[Stored data entries]
++++

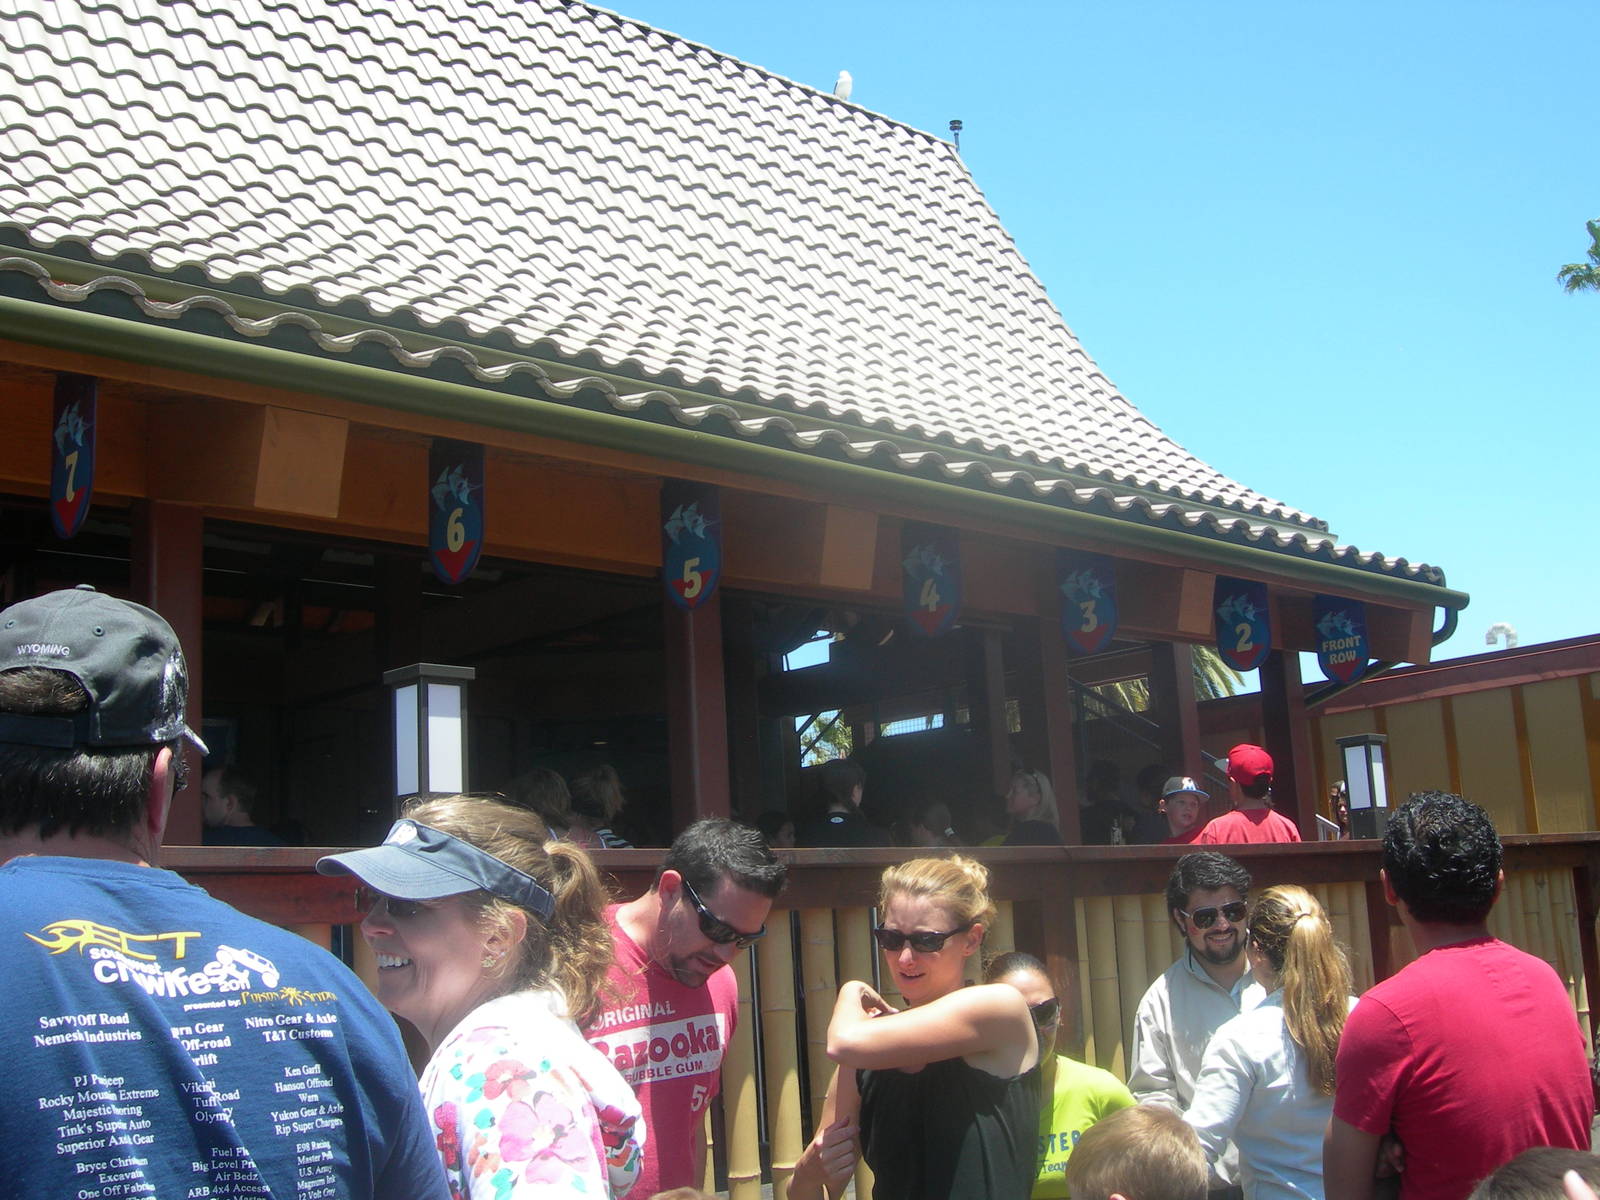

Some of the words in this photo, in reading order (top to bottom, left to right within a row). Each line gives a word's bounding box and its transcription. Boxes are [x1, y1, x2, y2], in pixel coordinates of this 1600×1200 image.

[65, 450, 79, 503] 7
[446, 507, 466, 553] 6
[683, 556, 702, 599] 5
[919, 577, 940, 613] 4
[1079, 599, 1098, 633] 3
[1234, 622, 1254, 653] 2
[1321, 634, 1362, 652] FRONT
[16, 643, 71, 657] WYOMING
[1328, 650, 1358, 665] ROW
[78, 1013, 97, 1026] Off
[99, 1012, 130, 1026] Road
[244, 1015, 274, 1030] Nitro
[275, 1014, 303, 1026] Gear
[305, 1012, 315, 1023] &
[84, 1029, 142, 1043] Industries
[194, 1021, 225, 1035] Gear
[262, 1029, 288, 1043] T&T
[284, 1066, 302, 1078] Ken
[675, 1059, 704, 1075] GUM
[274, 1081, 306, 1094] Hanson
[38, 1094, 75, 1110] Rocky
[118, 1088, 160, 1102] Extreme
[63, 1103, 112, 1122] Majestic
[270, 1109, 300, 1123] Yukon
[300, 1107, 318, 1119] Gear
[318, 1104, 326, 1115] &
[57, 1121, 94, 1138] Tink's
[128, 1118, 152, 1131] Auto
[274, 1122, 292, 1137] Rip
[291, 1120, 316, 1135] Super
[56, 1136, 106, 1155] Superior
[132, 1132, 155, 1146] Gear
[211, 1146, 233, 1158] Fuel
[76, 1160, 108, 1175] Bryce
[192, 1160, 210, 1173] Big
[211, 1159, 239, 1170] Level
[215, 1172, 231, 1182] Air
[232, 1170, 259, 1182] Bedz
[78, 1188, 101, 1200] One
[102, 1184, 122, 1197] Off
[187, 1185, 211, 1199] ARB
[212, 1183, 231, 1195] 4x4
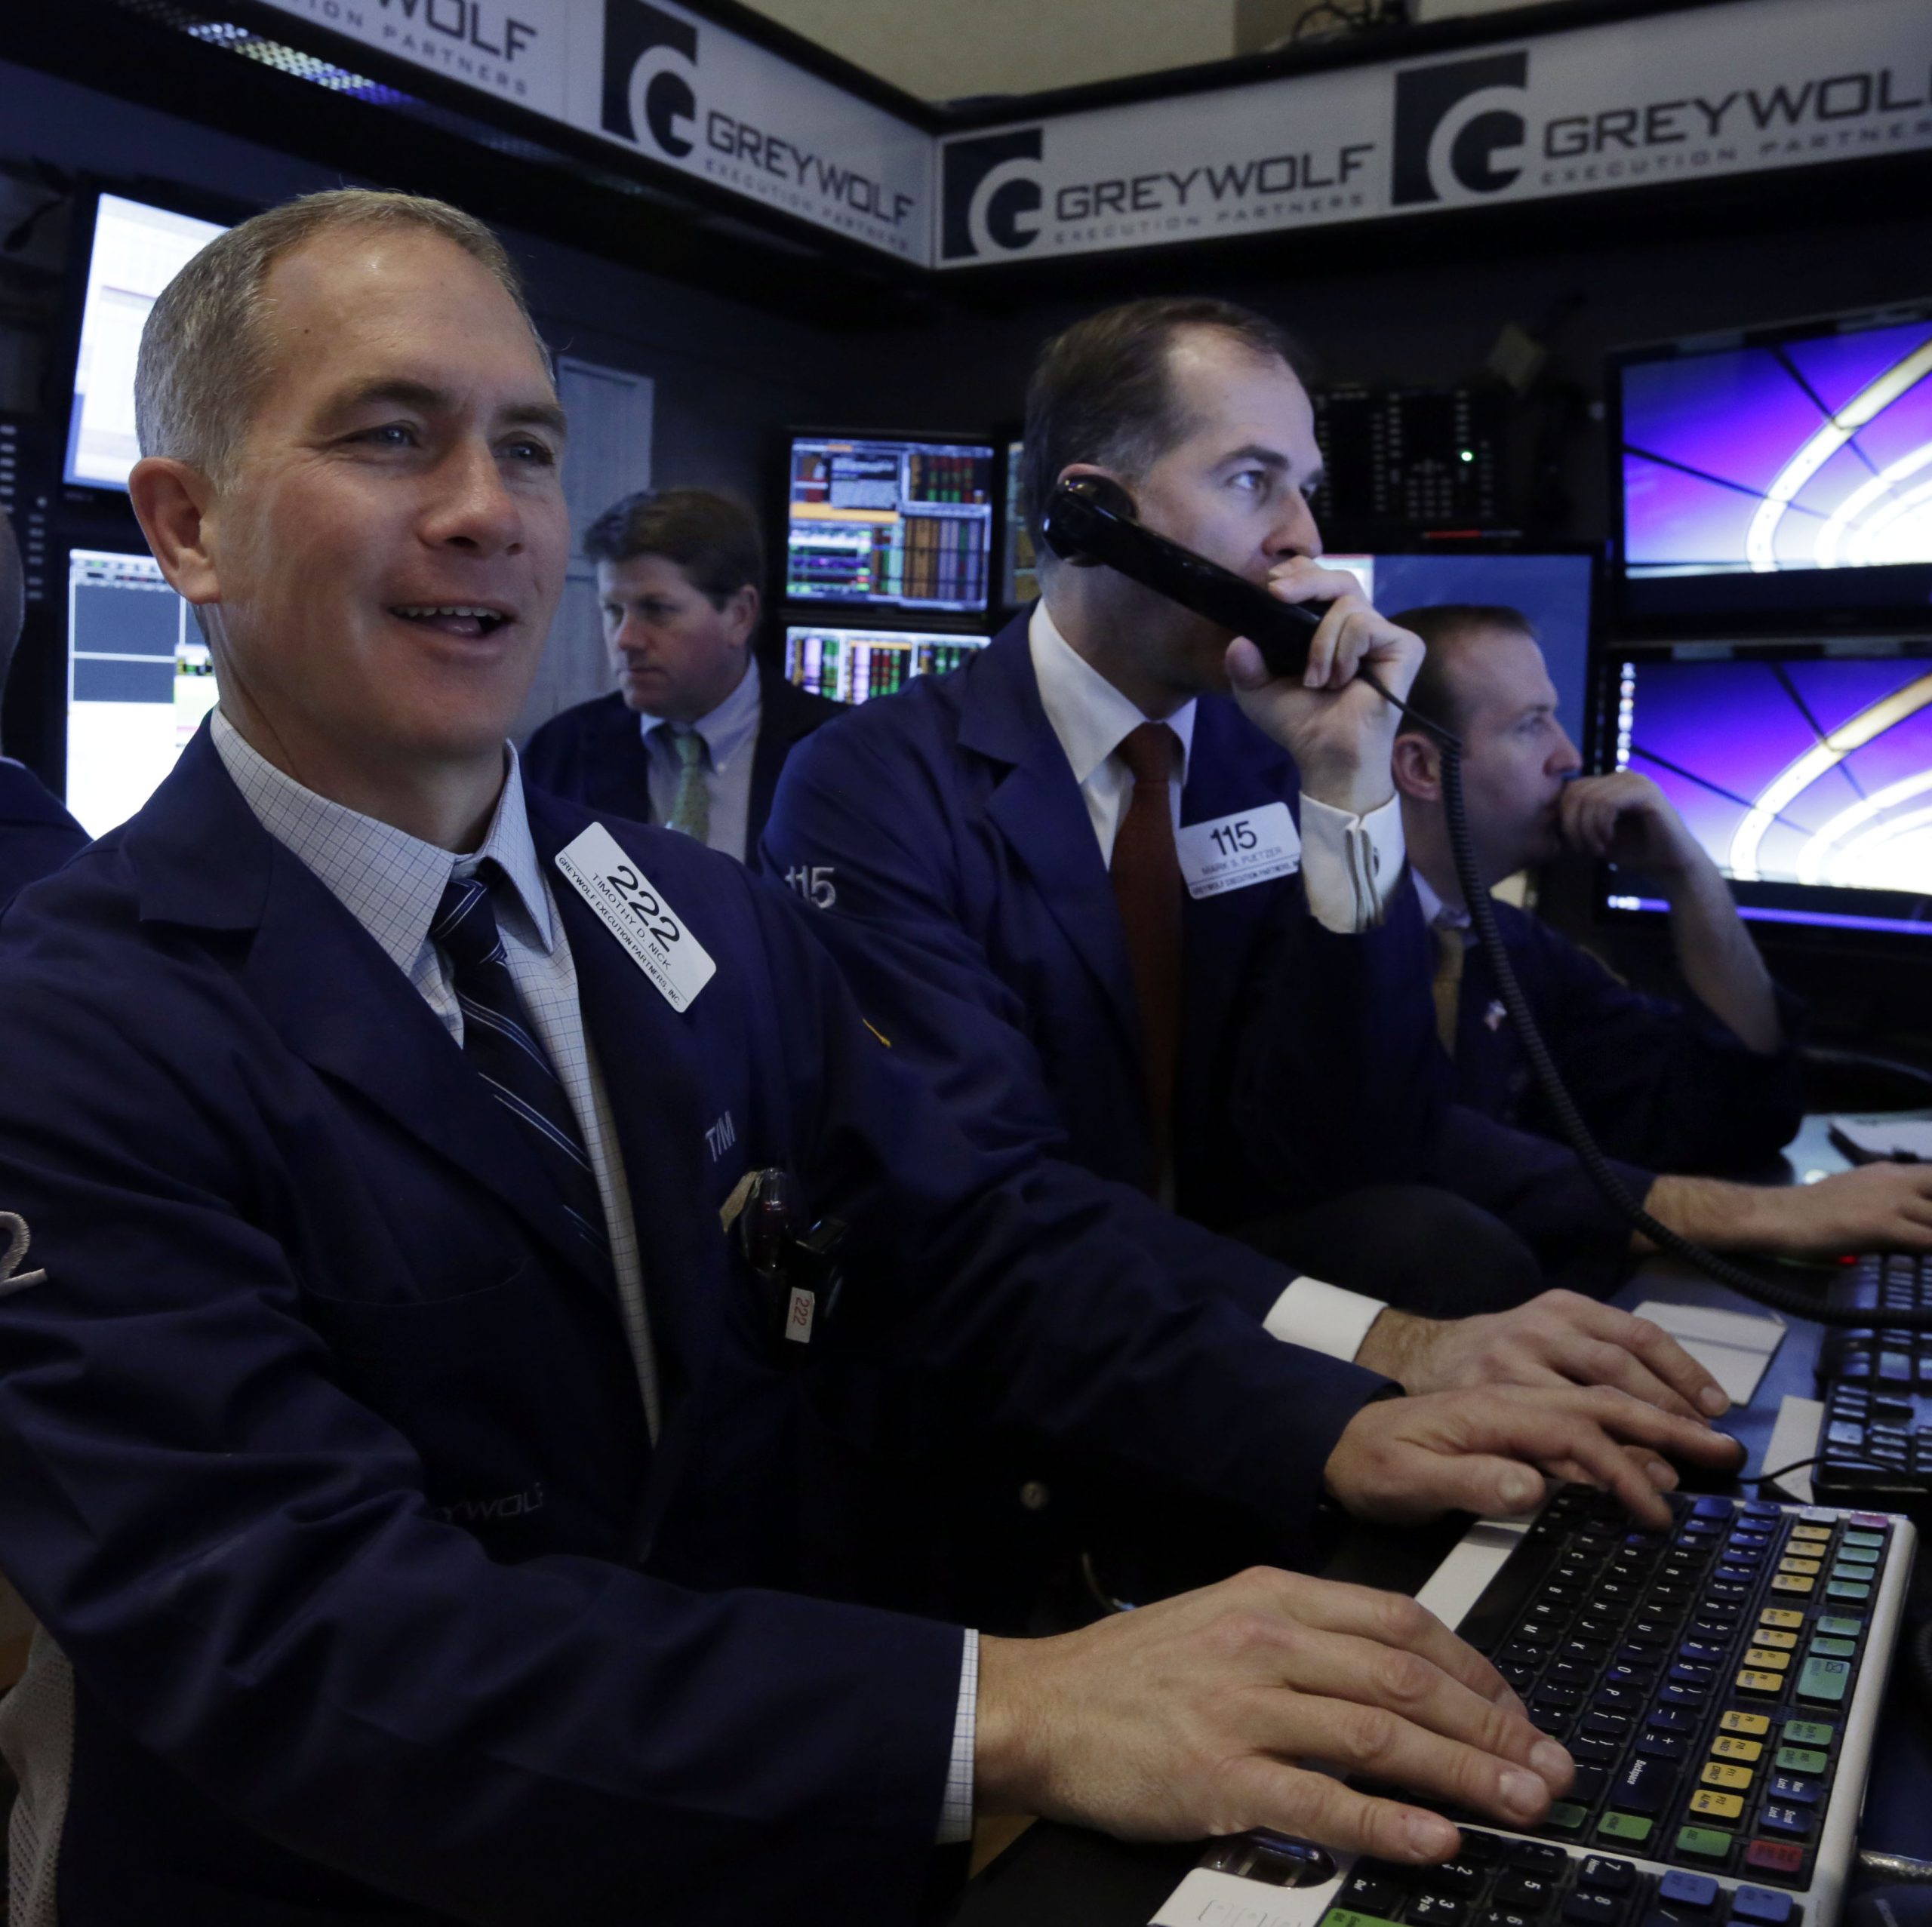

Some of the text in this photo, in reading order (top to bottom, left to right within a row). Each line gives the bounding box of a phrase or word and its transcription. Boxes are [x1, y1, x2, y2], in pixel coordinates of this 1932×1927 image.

++++

* To do:
Set down the records in full and exactly. Do not carry over any image.

* Exercise answer:
Some of the words in this photo, in reading order (top to bottom, left to right within a row). Each line gives a word's bounding box and its transcription. Boxes are [x1, y1, x2, y2], in pixel coordinates of this 1600×1200 image.

[65, 450, 79, 503] 7
[446, 507, 466, 553] 6
[683, 556, 702, 599] 5
[919, 577, 940, 613] 4
[1079, 599, 1098, 633] 3
[1234, 622, 1254, 653] 2
[1321, 634, 1362, 652] FRONT
[16, 643, 71, 657] WYOMING
[1328, 650, 1358, 665] ROW
[78, 1013, 97, 1026] Off
[99, 1012, 130, 1026] Road
[244, 1015, 274, 1030] Nitro
[275, 1014, 303, 1026] Gear
[305, 1012, 315, 1023] &
[84, 1029, 142, 1043] Industries
[194, 1021, 225, 1035] Gear
[262, 1029, 288, 1043] T&T
[284, 1066, 302, 1078] Ken
[675, 1059, 704, 1075] GUM
[274, 1081, 306, 1094] Hanson
[38, 1094, 75, 1110] Rocky
[118, 1088, 160, 1102] Extreme
[63, 1103, 112, 1122] Majestic
[270, 1109, 300, 1123] Yukon
[300, 1107, 318, 1119] Gear
[318, 1104, 326, 1115] &
[57, 1121, 94, 1138] Tink's
[128, 1118, 152, 1131] Auto
[274, 1122, 292, 1137] Rip
[291, 1120, 316, 1135] Super
[56, 1136, 106, 1155] Superior
[132, 1132, 155, 1146] Gear
[211, 1146, 233, 1158] Fuel
[76, 1160, 108, 1175] Bryce
[192, 1160, 210, 1173] Big
[211, 1159, 239, 1170] Level
[215, 1172, 231, 1182] Air
[232, 1170, 259, 1182] Bedz
[78, 1188, 101, 1200] One
[102, 1184, 122, 1197] Off
[187, 1185, 211, 1199] ARB
[212, 1183, 231, 1195] 4x4

Some of the text in this photo, in reading order (top to bottom, left to right within a row). Each line gives the bounding box of a phrase or word and its transcription. Boxes are [x1, y1, x2, y2], in pixel coordinates of this 1932×1927 image.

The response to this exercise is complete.